Kirchner, the Walter Bigelow Rosen Professor of Music Emeritus, dubbed himself Ma’s “boulder in the road” and made it his duty to present obstacles that would, in the overcoming, create a more thoughtful musician. “He said, ‘You play pretty well, but you just don’t understand that music is powered by ideas. Until you understand that, you will not find your sound,’” said Ma, admitting, “I had no idea what he was talking about.”

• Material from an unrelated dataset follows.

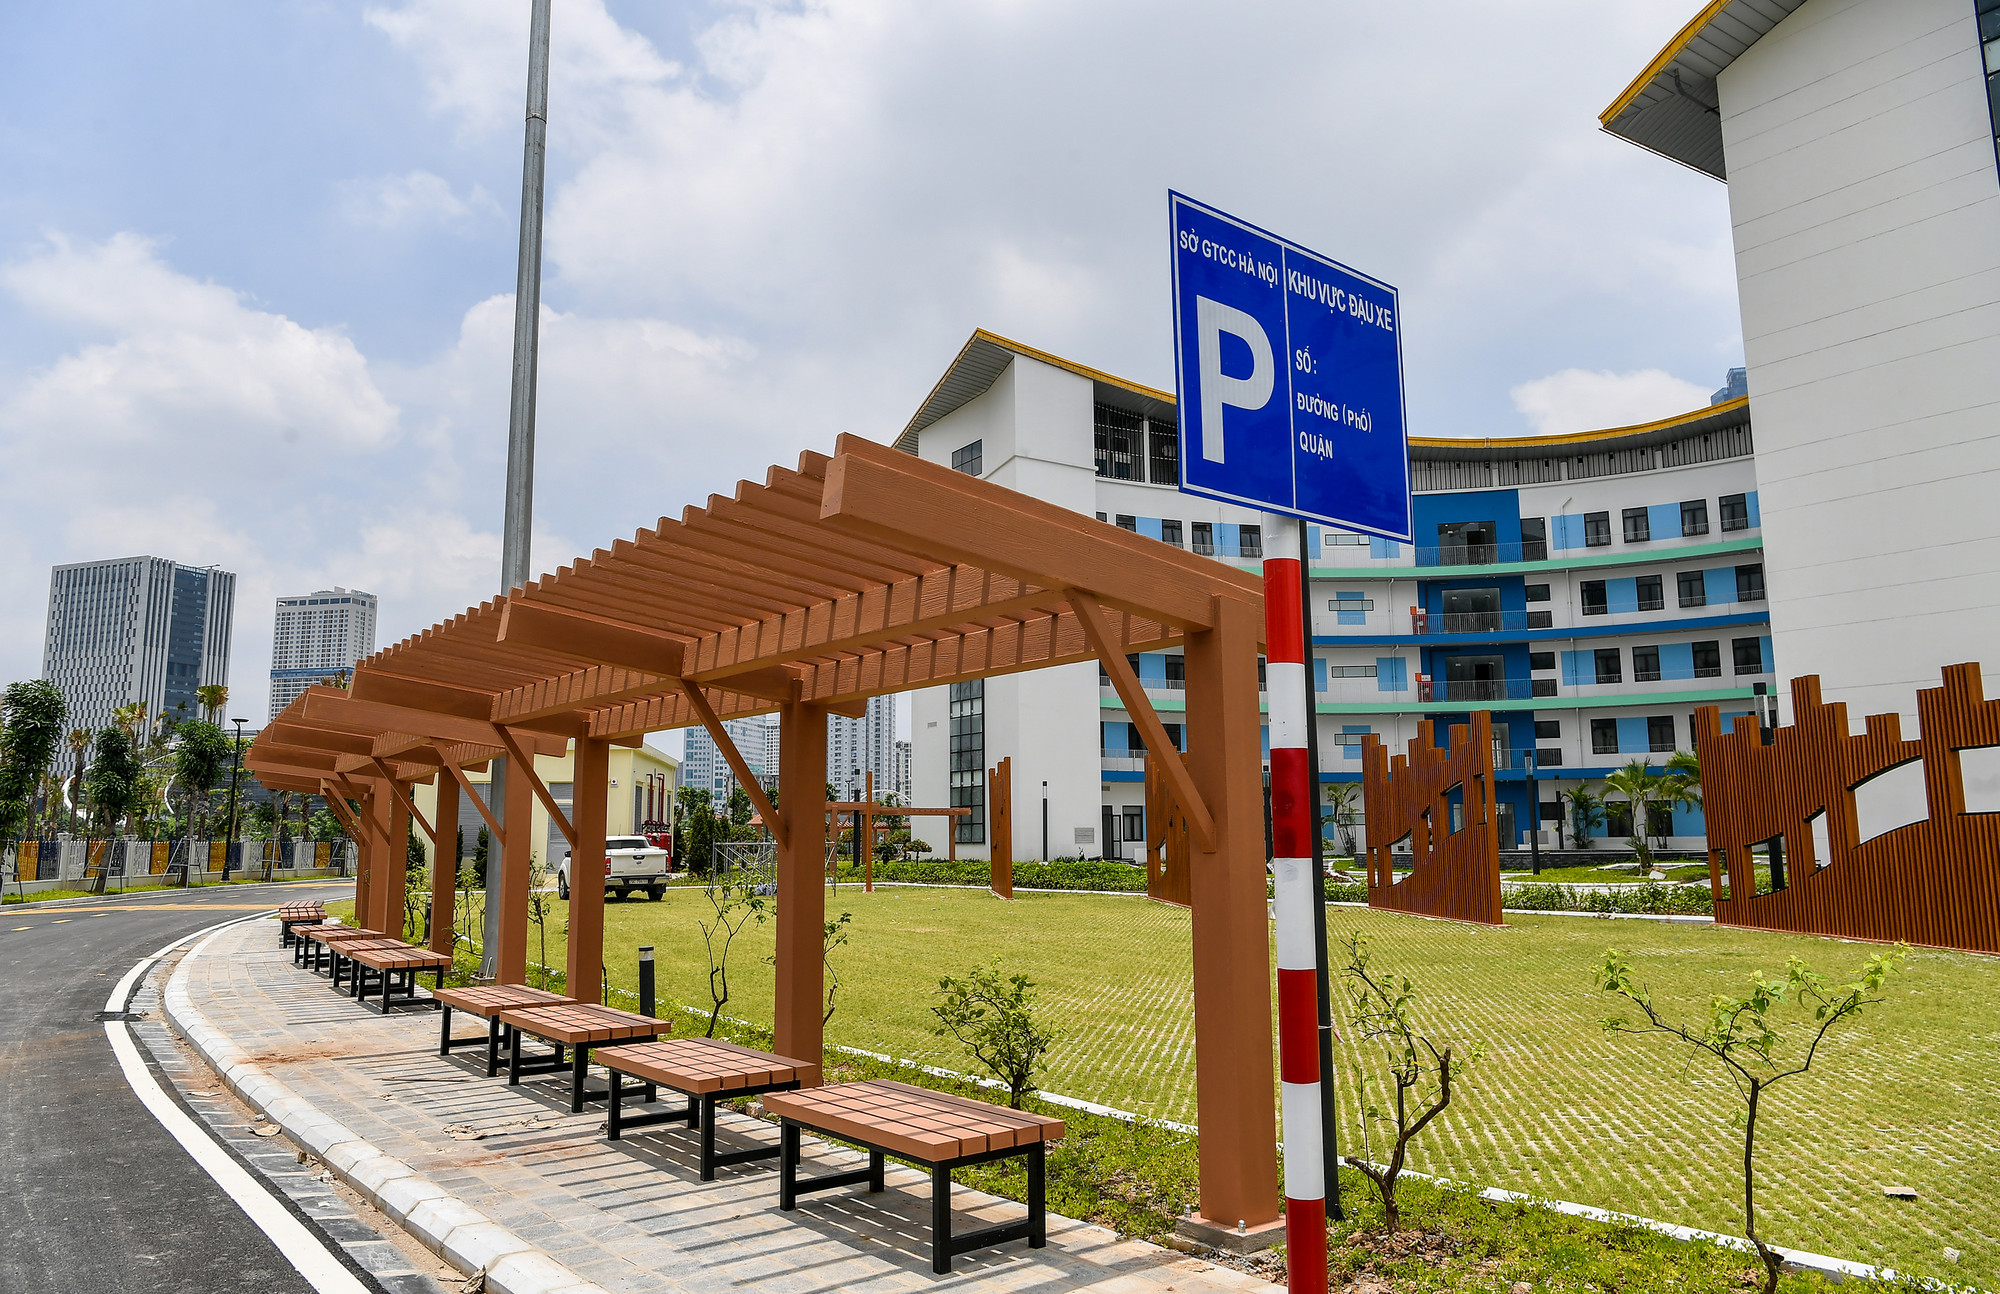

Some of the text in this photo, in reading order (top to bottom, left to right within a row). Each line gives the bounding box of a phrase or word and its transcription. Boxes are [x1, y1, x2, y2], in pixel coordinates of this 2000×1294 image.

At Harvard, Ma said, he was forced to think about why he played the way he did, who was the composer and why did he or she write the piece. “That was the beginning of my waking up to an engagement with a life in music,” he said. Ma’s own prodigious facility for the cello might have been another boulder in his road, allowing him to play with virtuosity but not meaning. “It’s good to have facility, but it’s really good to make sure what you’re facile at serves a purpose.”
Ma described yet another boulder – being put on academic probation during his

freshman year at Harvard – that proved a worthy obstacle. Oversleeping three alarm clocks and missing a final, he said, he was required to remain on campus for the following semester instead of touring on weekends.
“Staying on campus made me realize what an incredibly rich community this was,” he said, adding that he took gleeful advantage of the many musical opportunities on campus to play with a variety of ensembles. “It was the first time I met an intact community that was not a specialized community.” Because he was playing with and for nonmusicians as well as very serious musicians, he said, “there was less of a shorthand and that forced me to communicate differently.”
Indeed, Ma’s musical inquisitiveness remains undiluted; as an ensemble of students opened the program with a performance of Franz Schubert’s “Trout” Quintet, Ma dashed from the Green Room and crouched at the entrance to Sanders Theatre so he wouldn’t miss a note.
Content, communication, reception
No one who has seen Ma play was surprised to hear him describe the communication that is at the heart of the musical experience. Performance, he said, comprises content, communication, and reception. “Your work is not done until that thing that you are really trying to advocate for … is really received by somebody,” he said.
Acclaimed for expanding the cello repertoire and for his genre-busting

explorations of music from around the world, from the Kalahari of Africa to the string rhythms of Appalachia, the 14-time Grammy award-winner listens to a wide range of music. “By listening to a lot of different types of music and engaging in different types of music, I have a deeper understanding of music itself,” he said in a question-and-answer session with audience members. Friends’ and colleagues’ suggestions as well as tunes from his daughter’s iPod provide variety and challenge his ears.
That musical curiosity is at the core of his performance career. “There are so many ways to express important things. If you find that somebody has another way, you’re fascinated,” he said. “Every time [I] take the risk and [I] go someplace that’s scary and unknown … I come back a better musician.”
Still, Ma concluded the evening with the distinctly familiar and un-scary Bach Cello Suite No. 1. He played the trancelike Prelude twice, once on a baroque cello for Lithgow, who had missed it when he arrived late to a performance in Los Angeles, and then on a modern cello with the rest of the suite. True to the words he shared with the “eavesdroppers” of the audience, Ma inhabited Bach’s work and radiated it joyfully, drawing an intimate circle that brought the last seat of the balcony into the music as tightly as Lithgow, who sat onstage beside him.
Summers, who had the unenviable job of presenting Ma with the Harvard Arts Medal following his performance, made appreciative and succinct remarks. “When we honor someone, we really are in a sense honoring ourselves,” he said. “Surely, Yo-Yo Ma honors us with his presence tonight.”

The event also honored student composer Anthony Cheung ’04 with the Louis Sudler Prize for undergraduate accomplishment in the arts.